Before the United States was done with Julius Robert Oppenheimer (April 22, 1904 – February 18, 1967), he was declared a security risk by the Eisenhower administration. You learn this on the first page of this definitive, Pulitzer-Prize-winning book about a mystic and theoretical physicist who was as complex as his Nobel-Prize-worthy work that was far flung from nuclear weapons.

From the Publisher

American Prometheus is the first full-scale biography of J. Robert Oppenheimer, “father of the atomic bomb,” the brilliant, charismatic physicist who led the effort to capture the awesome fire of the sun for his country in time of war. Immediately after Hiroshima, he became the most famous scientist of his generation–one of the iconic figures of the twentieth century, the embodiment of modern man confronting the consequences of scientific progress.

He was the author of a radical proposal to place international controls over atomic materials–an idea that is still relevant today. He opposed the development of the hydrogen bomb and criticized the Air Force’s plans to fight an infinitely dangerous nuclear war. In the now almost-forgotten hysteria of the early 1950s, his ideas were anathema to powerful advocates of a massive nuclear buildup, and, in response, Atomic Energy Commission chairman Lewis Strauss, Superbomb advocate Edward Teller and FBI director J. Edgar Hoover worked behind the scenes to have a hearing board find that Oppenheimer could not be trusted with America’s nuclear secrets.

American Prometheus sets forth Oppenheimer’s life and times in revealing and unprecedented detail. Exhaustively researched, it is based on thousands of records and letters gathered from archives in America and abroad, on massive FBI files and on close to a hundred interviews with Oppenheimer’s friends, relatives and colleagues.

We follow him from his earliest education at the turn of the twentieth century at New York City’s Ethical Culture School, through personal crises at Harvard and Cambridge universities. Then to Germany, where he studied quantum physics with the world’s most accomplished theorists; and to Berkeley, California, where he established, during the 1930s, the leading American school of theoretical physics, and where he became deeply involved with social justice causes and their advocates, many of whom were communists. Then to Los Alamos, New Mexico, where he transformed a bleak mesa into the world’s most potent nuclear weapons laboratory–and where he himself was transformed. And finally, to the Institute for Advanced Study in Princeton, which he directed from 1947 to 1966.

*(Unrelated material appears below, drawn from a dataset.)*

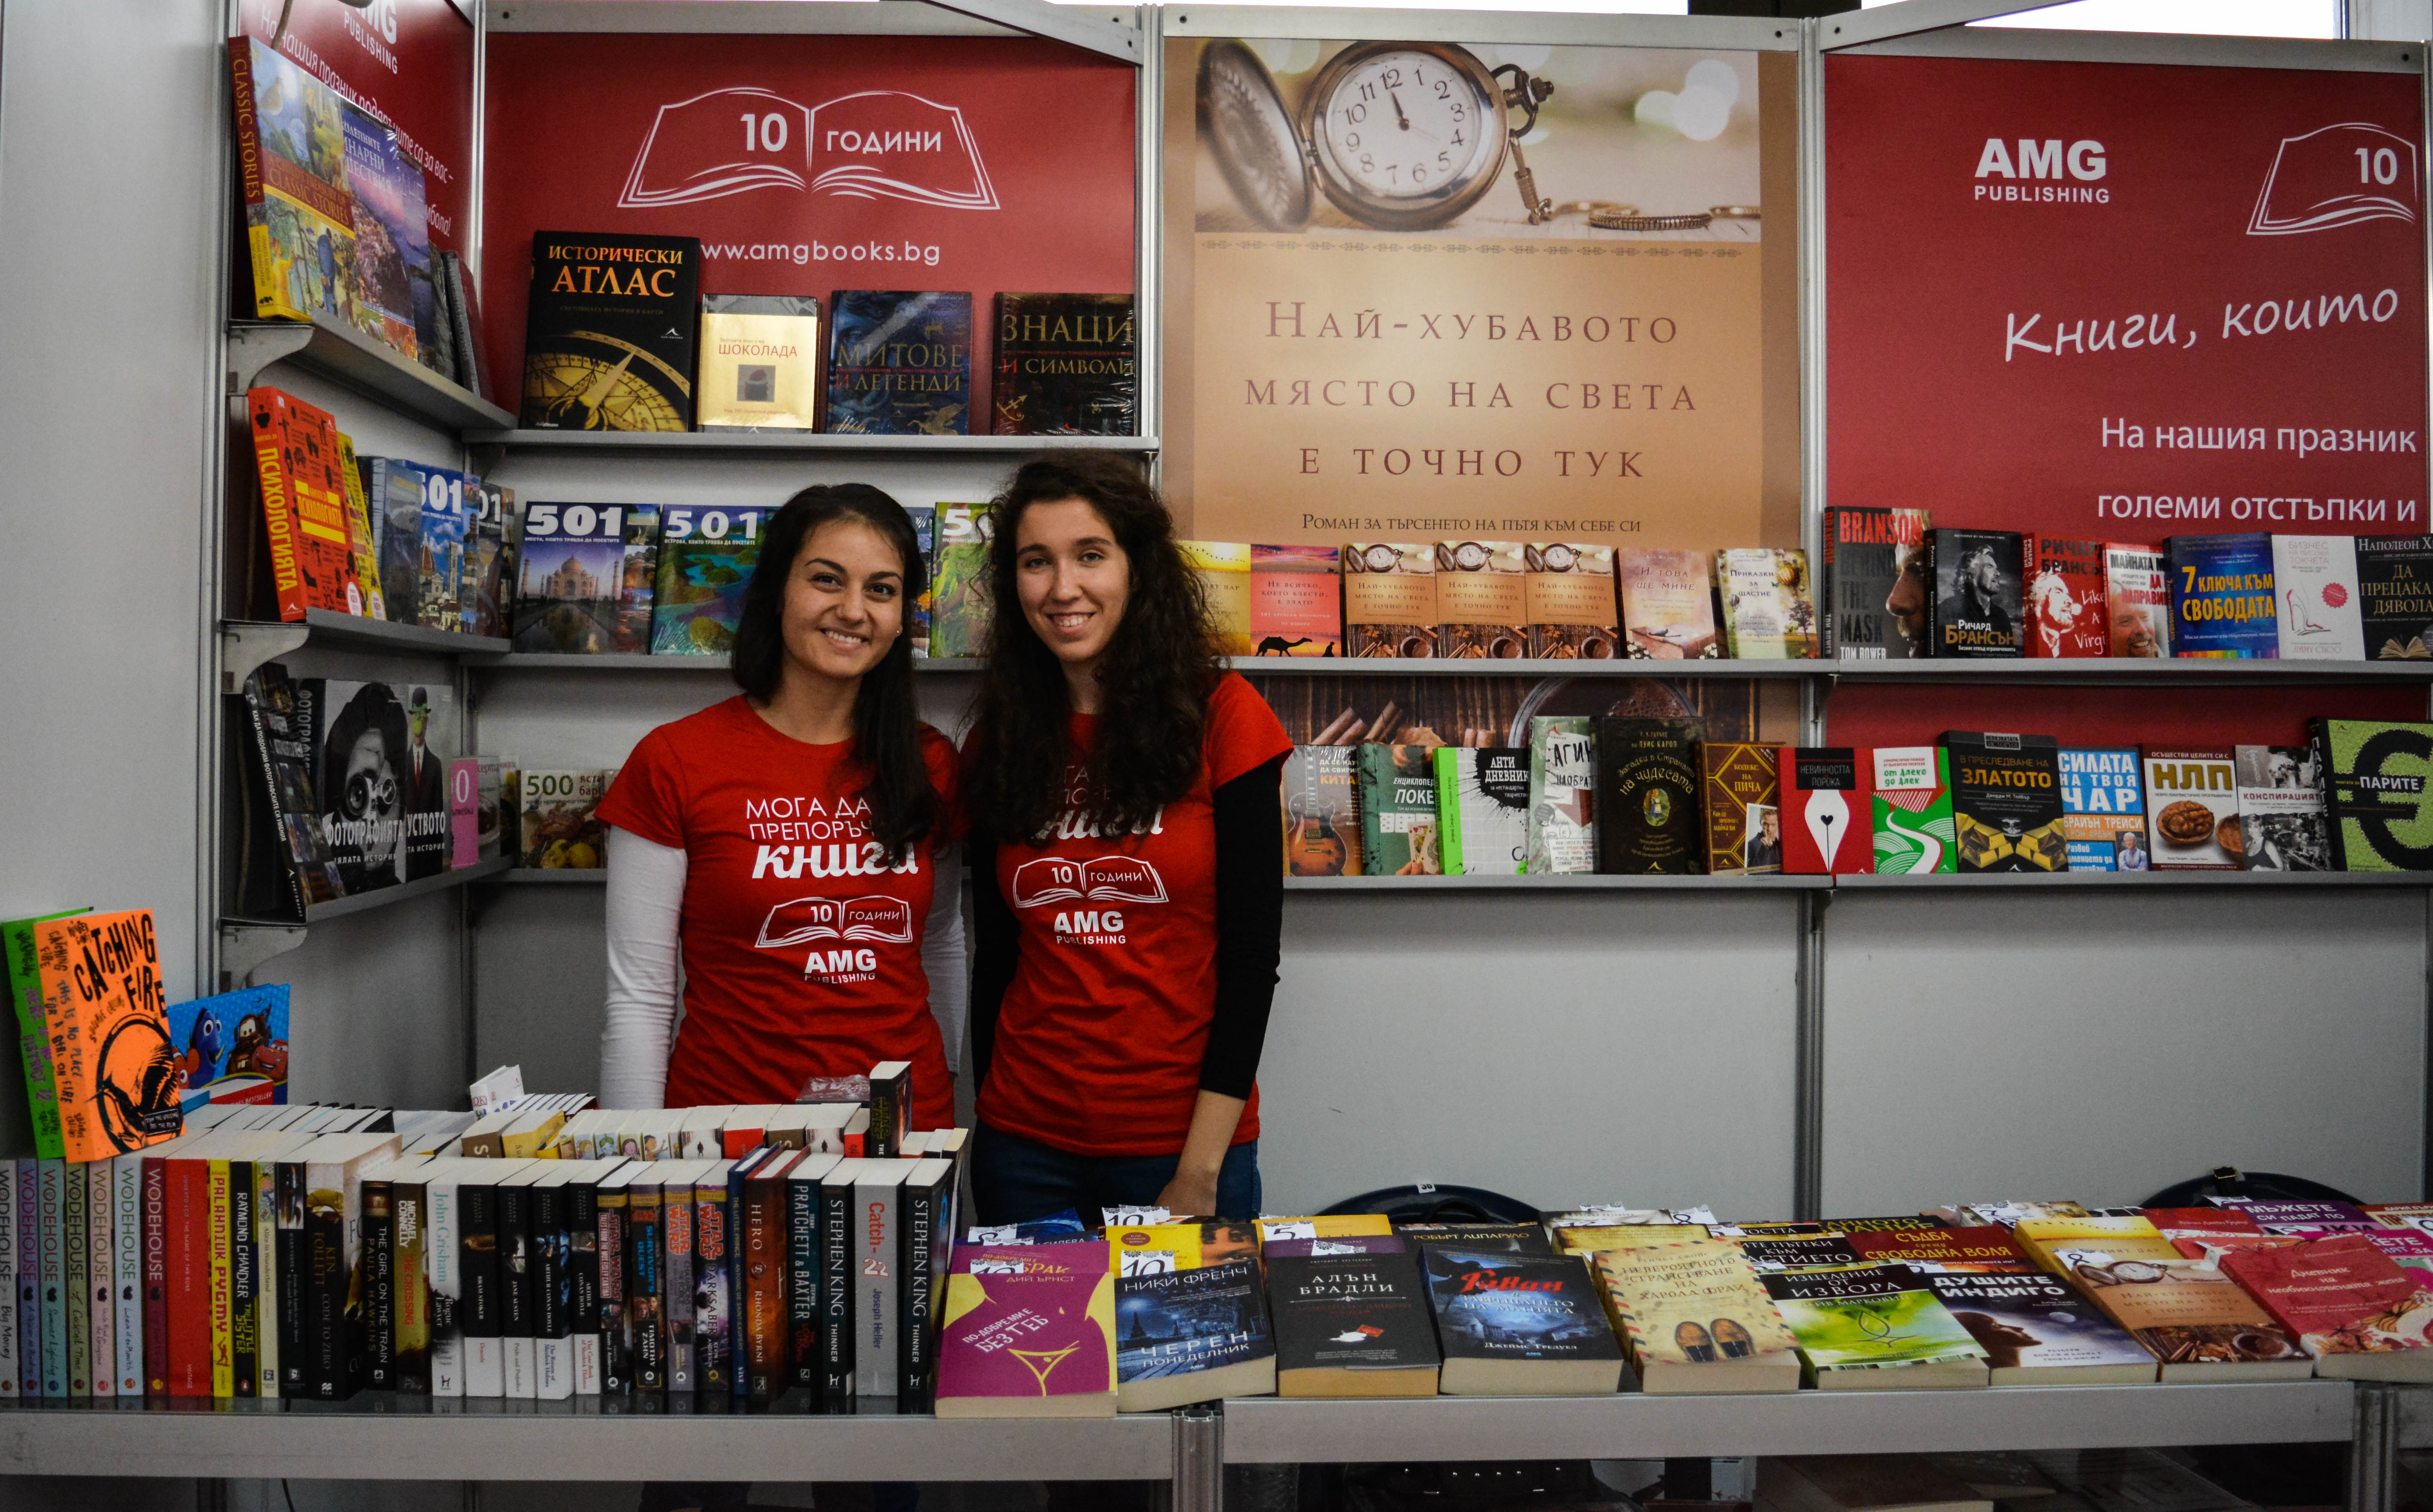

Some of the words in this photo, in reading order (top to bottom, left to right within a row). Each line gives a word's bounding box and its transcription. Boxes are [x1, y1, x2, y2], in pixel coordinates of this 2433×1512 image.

American Prometheus is a rich evocation of America at midcentury, a new and compelling portrait of a brilliant, ambitious, complex and flawed man profoundly connected to its major events–the Depression, World War II and the Cold War. It is at once biography and history, and essential to our understanding of our recent past–and of our choices for the future.

From Kirkus Reviews

That Oppenheimer (1904–67) was a rare genius is beyond doubt; his colleagues at CalTech, Göttingen and Los Alamos were impressed to the point of being cowed by his intellect, and “Oppie” was far ahead of even his professors in the new world of quantum theory. He was a rare bird in other ways as well. A child of privilege whose very luggage excited discussion among his cash-strapped European colleagues, he identified early with left-wing causes and was reportedly better read in the classics of Marxism than most Communist theoreticians; and, though a leftist, he expressed enough fondness for the U.S. that those European colleagues sometimes thought him a chauvinist. Worldly in many ways, he was something of a naïf. In time, he shed some of his clumsiness and became the model of a committed intellectual, unusually generous in sharing credit with students and colleagues and able to wear his achievements lightly. (“I can make it clearer,” he once remarked of a thorny physics problem, “but I can’t make it simpler.”) The authors lucidly explain Oppenheimer’s many scientific accomplishments and the finer points of quantum mechanics. More, they examine his life in a political context, for, though one of the fathers of the atomic bomb, Oppenheimer warned against its proliferation and noted, as early as 1946, that our major cities were now susceptible to terrorist attack, the only defense being a screwdriver—to open “each and every crate or suitcase.” His prescience and conscience cost him dearly: Oppie was effectively blacklisted for more than a decade and rehabilitated only at the end of his too-short life.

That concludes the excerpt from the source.